Task goal> Give the records again, every one, exactly.

(Stored data entries)
=======
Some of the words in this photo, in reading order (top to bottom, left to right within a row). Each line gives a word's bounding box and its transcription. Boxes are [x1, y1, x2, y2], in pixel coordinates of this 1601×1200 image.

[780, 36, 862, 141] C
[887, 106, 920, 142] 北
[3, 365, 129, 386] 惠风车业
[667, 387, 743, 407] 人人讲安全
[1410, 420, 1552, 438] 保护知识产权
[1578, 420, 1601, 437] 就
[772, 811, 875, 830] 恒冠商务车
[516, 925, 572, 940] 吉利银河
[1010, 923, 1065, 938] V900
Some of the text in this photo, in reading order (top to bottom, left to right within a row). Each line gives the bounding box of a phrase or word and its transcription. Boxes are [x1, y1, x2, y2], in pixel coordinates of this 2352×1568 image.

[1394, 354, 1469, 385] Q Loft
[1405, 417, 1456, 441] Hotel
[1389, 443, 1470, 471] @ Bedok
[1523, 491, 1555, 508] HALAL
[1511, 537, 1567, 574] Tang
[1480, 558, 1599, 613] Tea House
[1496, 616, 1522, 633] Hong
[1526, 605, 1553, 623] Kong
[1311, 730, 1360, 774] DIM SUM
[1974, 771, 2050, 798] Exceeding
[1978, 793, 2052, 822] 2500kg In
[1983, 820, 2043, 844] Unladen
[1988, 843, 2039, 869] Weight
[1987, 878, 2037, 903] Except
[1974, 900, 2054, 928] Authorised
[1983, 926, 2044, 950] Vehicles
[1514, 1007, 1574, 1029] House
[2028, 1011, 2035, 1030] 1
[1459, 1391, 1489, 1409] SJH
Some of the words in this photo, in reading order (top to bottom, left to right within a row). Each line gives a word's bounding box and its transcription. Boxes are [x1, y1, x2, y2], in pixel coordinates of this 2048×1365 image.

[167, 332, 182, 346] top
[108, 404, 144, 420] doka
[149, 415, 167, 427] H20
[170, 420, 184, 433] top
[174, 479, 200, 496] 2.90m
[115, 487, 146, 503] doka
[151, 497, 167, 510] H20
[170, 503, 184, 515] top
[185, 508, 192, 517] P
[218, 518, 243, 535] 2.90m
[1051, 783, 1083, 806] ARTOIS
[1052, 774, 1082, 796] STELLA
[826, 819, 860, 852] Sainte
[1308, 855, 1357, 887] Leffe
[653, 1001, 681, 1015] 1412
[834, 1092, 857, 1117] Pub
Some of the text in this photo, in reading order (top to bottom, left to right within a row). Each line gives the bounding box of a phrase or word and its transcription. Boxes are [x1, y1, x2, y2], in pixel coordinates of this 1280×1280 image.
=======
Reply to the task>
Some of the words in this photo, in reading order (top to bottom, left to right within a row). Each line gives a word's bounding box and its transcription. Boxes are [x1, y1, x2, y2], in pixel coordinates of this 1601×1200 image.

[780, 36, 862, 141] C
[887, 106, 920, 142] 北
[3, 365, 129, 386] 惠风车业
[667, 387, 743, 407] 人人讲安全
[1410, 420, 1552, 438] 保护知识产权
[1578, 420, 1601, 437] 就
[772, 811, 875, 830] 恒冠商务车
[516, 925, 572, 940] 吉利银河
[1010, 923, 1065, 938] V900
Some of the text in this photo, in reading order (top to bottom, left to right within a row). Each line gives the bounding box of a phrase or word and its transcription. Boxes are [x1, y1, x2, y2], in pixel coordinates of this 2352×1568 image.

[1394, 354, 1469, 385] Q Loft
[1405, 417, 1456, 441] Hotel
[1389, 443, 1470, 471] @ Bedok
[1523, 491, 1555, 508] HALAL
[1511, 537, 1567, 574] Tang
[1480, 558, 1599, 613] Tea House
[1496, 616, 1522, 633] Hong
[1526, 605, 1553, 623] Kong
[1311, 730, 1360, 774] DIM SUM
[1974, 771, 2050, 798] Exceeding
[1978, 793, 2052, 822] 2500kg In
[1983, 820, 2043, 844] Unladen
[1988, 843, 2039, 869] Weight
[1987, 878, 2037, 903] Except
[1974, 900, 2054, 928] Authorised
[1983, 926, 2044, 950] Vehicles
[1514, 1007, 1574, 1029] House
[2028, 1011, 2035, 1030] 1
[1459, 1391, 1489, 1409] SJH
Some of the words in this photo, in reading order (top to bottom, left to right within a row). Each line gives a word's bounding box and its transcription. Boxes are [x1, y1, x2, y2], in pixel coordinates of this 2048×1365 image.

[167, 332, 182, 346] top
[108, 404, 144, 420] doka
[149, 415, 167, 427] H20
[170, 420, 184, 433] top
[174, 479, 200, 496] 2.90m
[115, 487, 146, 503] doka
[151, 497, 167, 510] H20
[170, 503, 184, 515] top
[185, 508, 192, 517] P
[218, 518, 243, 535] 2.90m
[1051, 783, 1083, 806] ARTOIS
[1052, 774, 1082, 796] STELLA
[826, 819, 860, 852] Sainte
[1308, 855, 1357, 887] Leffe
[653, 1001, 681, 1015] 1412
[834, 1092, 857, 1117] Pub
Some of the text in this photo, in reading order (top to bottom, left to right within a row). Each line gives the bounding box of a phrase or word and its transcription. Boxes are [x1, y1, x2, y2], in pixel coordinates of this 1280×1280 image.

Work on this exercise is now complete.